Solving inequalities is essential when determining regions where expressions are valid. In this exercise, we explore the inequality \(x^2 + 3x \geq 0\) to find where the fourth root function is defined. Inequality solving involves identifying values of \(x\) which satisfy an inequality. The steps include:

• Rephrasing the original condition into an inequality form that needs solving.
• Factoring or other algebraic manipulations to get simpler expressions.
• Determining the values of \(x\) where these simplified expressions keep the entire inequality true.

After simplifying and factoring, you can determine the intervals that satisfy the given inequality by testing different sections within the possible values for \(x\). This practice is integral to revealing where the function maintains its defined nature for real outputs.

Real numbers include all the numbers you could think of on the number line, from minus infinity to plus infinity. They encompass everything: integers, fractions, and irrational numbers like \(\sqrt{2}\).

In solving inequalities like \(x^2 + 3x \geq 0\), you're aiming to find which real numbers make the expression true. This underscores the necessity of understanding the continuum of the number line. For example, when determining the domain of the function \(f(x) = \sqrt[4]{x^2 + 3x}\), only certain real number segments make the expression logically valid. Therefore, understanding these segments demands knowledge of how real numbers interact with algebraic expressions and inequalities.

Interval testing is a practical approach to identifying which parts of the number line meet certain conditions.
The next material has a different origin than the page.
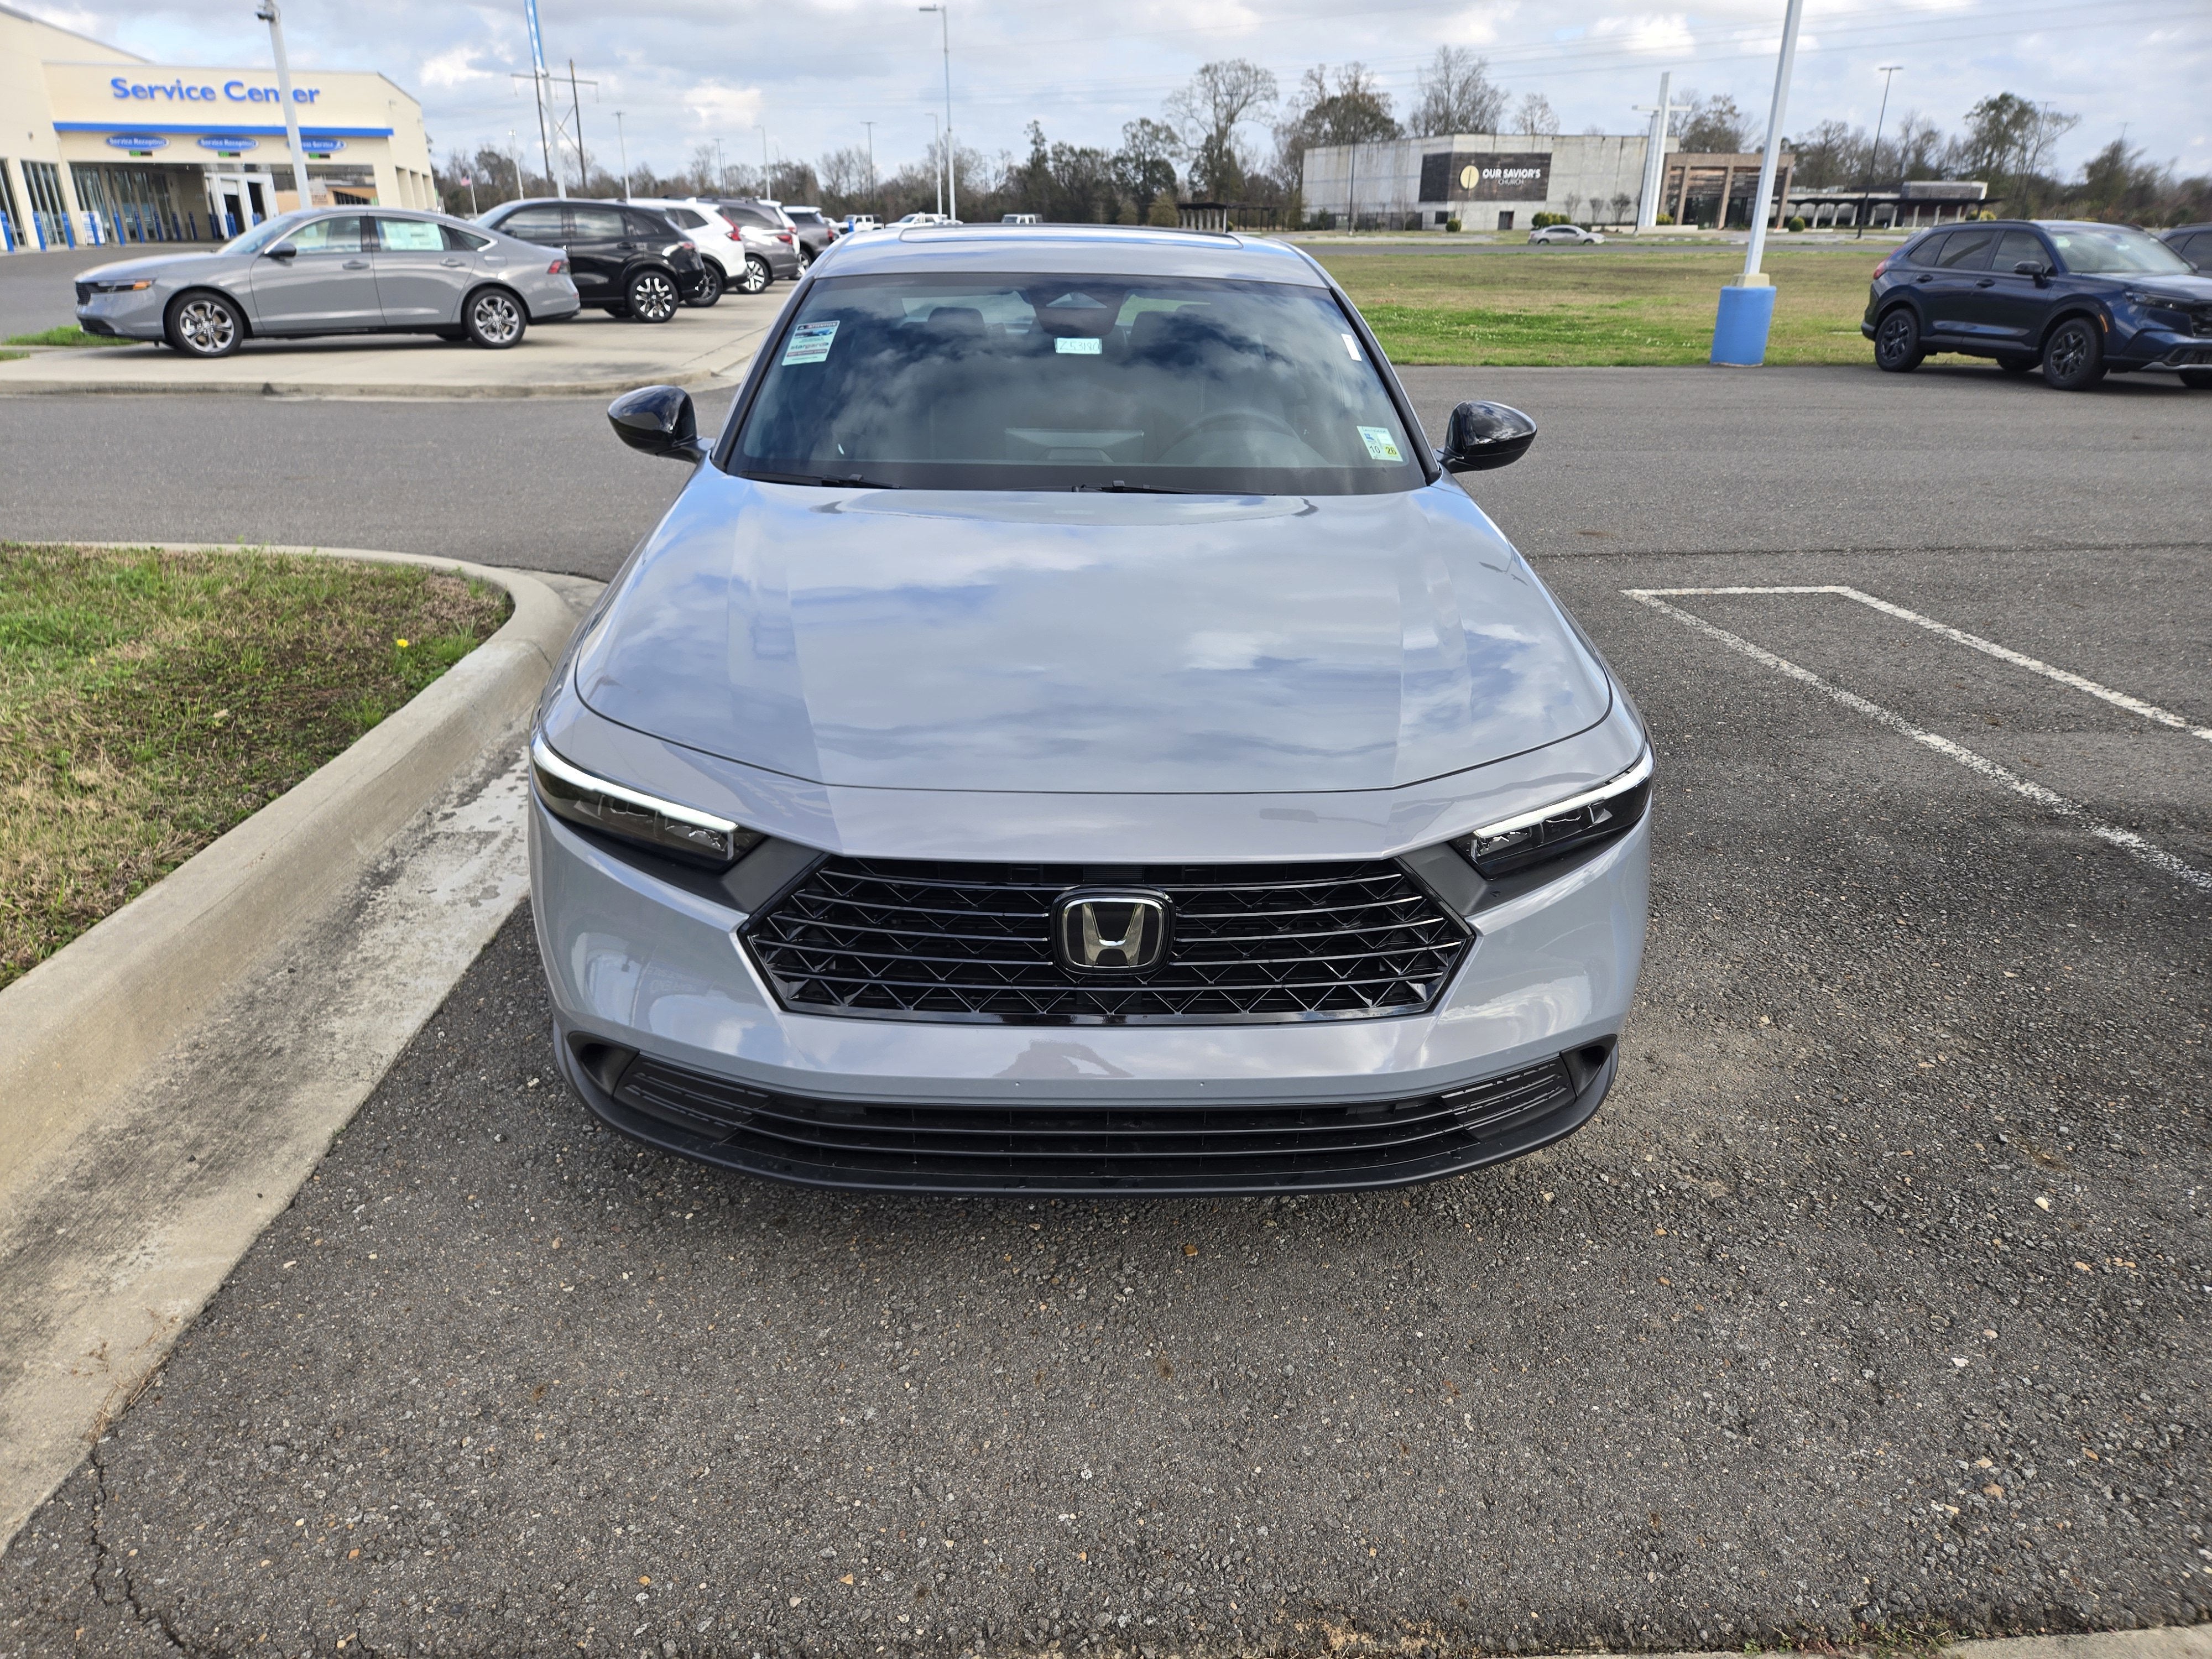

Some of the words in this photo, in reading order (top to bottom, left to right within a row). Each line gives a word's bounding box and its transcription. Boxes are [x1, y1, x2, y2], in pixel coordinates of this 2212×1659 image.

When solving inequalities such as \(x(x + 3) \geq 0\), breaking it down into intervals can be valuable.First, determine critical points, where either the expression is zero or changes sign. Here, critical points were found at \(x = 0\) and \(x = -3\). The next step is to test values in the resulting intervals: (-∞, -3), (-3, 0), and (0, ∞).

• Pick any value within each interval and substitute it into the inequality.
• If the expression is positive (or zero), the interval is part of the solution.
• If the expression is negative, the interval is not part of the domain.

By rigorous testing, you can confidently say which intervals should be included in the function's domain to ensure the expression is defined and valid in its real number scope.

Factoring is a fundamental algebraic tool to simplify expressions or solve equations and inequalities. For the inequality \(x^2 + 3x \geq 0\), we factor it as \(x(x + 3)\). This helps in breaking down the expression into simpler components and identifying roots or critical values.

When an expression is factored:

• You can quickly identify key points or roots by setting each factor to zero.
• Factoring simplifies the process of finding intervals needed for testing or solving.
• It helps determine the overall behavior of the function across different ranges of x-values.

In this case, the critical points \(x = 0\) and \(x = -3\) are clearly visible once the quadratic expression is factored, making subsequent steps like interval testing, straightforward. Factoring provides clarity and reduces complexity, aiding in accurately finding where the entire inequality holds true.